Yesterday Dr. Kermit Gosnell was convicted of first-degree murder, found guilty of killing three babies following botched late-term abortions. Prosecutors called Gosnell’s clinic a
house of horrors. There will surely follow a great deal of debate about definitions of viable life, the standards of regulation of abortion clinics, and so on.
Will clearer definitions and better regulations really remove the possibility of the butchery uncovered in the Gosnell case? It took Gosnell’s employees quite some time to decide that working in filth, storing fetal body parts in jars and empty cat food cans, and snipping the spines of tiny, squirming, crying babies were bad ideas (one man claims to have done over a hundred snippings himself before his conscience felt compromised). Would a clearer understanding of legal requirements have stopped them before they obeyed their employer?
How does such evil flourish? How can it emerge in the context of a practice that has become, in our culture, so normal—or as Hannah Arendt, in her reflections on the Nazi executioner Adolph Eichmann, suggested: How can evil be so banal?
Over the last forty years or so, activism, science, and government—in a kind of legislative
ménage à trois—have successfully spawned a cultural perception of normality when it comes to abortion. Sure, there are protestors in front of clinics, but the word
abortion has become more ideological than a description of something
real. It is the political dividing line between those claiming loyalty to the yet-to-be born, and those standing for rights of the ones who would have to give birth. It is word that is now included in our growing list of inalienable rights.
And then Gosnell shows up and makes it all
real.
But we don’t want it to be real (is that why the press seemed so light on the story over the last two and a half years? Was everyone running around asking, “Is it real? Is it real?”). We have worked so hard in protecting our sensibilities by limiting our in-utero descriptions of life to terms like zygote and fetus, but certainly not
baby. We seem to have agreed, overall, that it isn’t viable life until we say it is, and that would be somewhere around 21 weeks after conception.
So quit looking at that sonogram. Stop counting those fingers and toes. Ignore that fluttering butterfly that the technician said was a heartbeat. It’s not a living being. It’s not. It’s not. It’s not.

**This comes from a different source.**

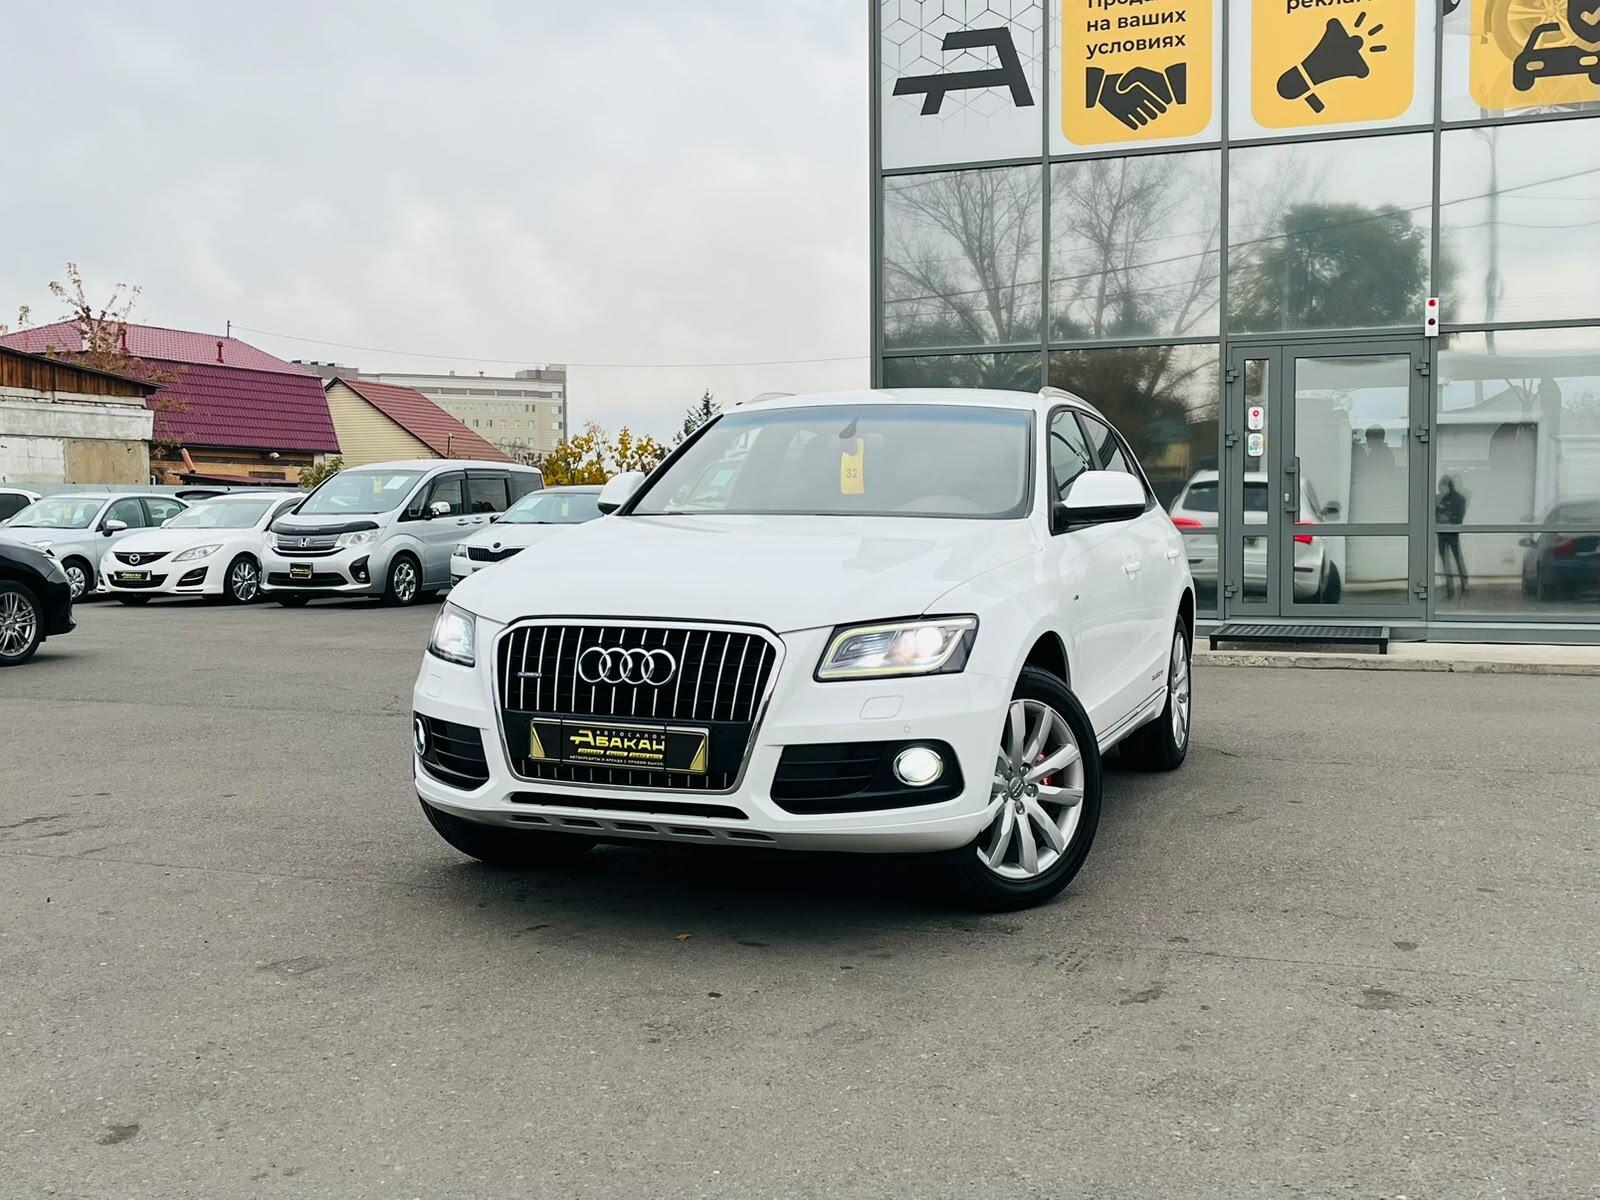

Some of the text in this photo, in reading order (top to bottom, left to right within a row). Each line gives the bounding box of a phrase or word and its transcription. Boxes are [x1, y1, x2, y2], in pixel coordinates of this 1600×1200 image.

Unless someone like Dr. Gosnell successfully pulls a few fetuses into the light of day and their labels are magically changed to
babies.
Kermit Gosnell is such a benign name. It isn’t a Hannibal Lector name that would automatically conjure of images of horror. It’s almost a warm and fuzzy name because it is shared with one of our favorite frogs. It’s very, very normal, just like the word
scissors. With scissors we cut out paper dolls and remove tightly-wound strands of ribbons from wrapped gifts. We also use them, it appears, to sever the spines of tiny babies. After all, seconds earlier, they were only fetuses. Is there a 5-second rule on this?
Critics of Hannah Arendt’s book,
Eichmann in Jerusalem: A Report on the Banality of Evil, argue that evil does not spring from passive, ignorant people blindly following the orders of their evil leaders; they say it comes from regular, everyday people becoming immersed in evil ideologies, and then acting in accord with those ideologies. Perhaps they are correct.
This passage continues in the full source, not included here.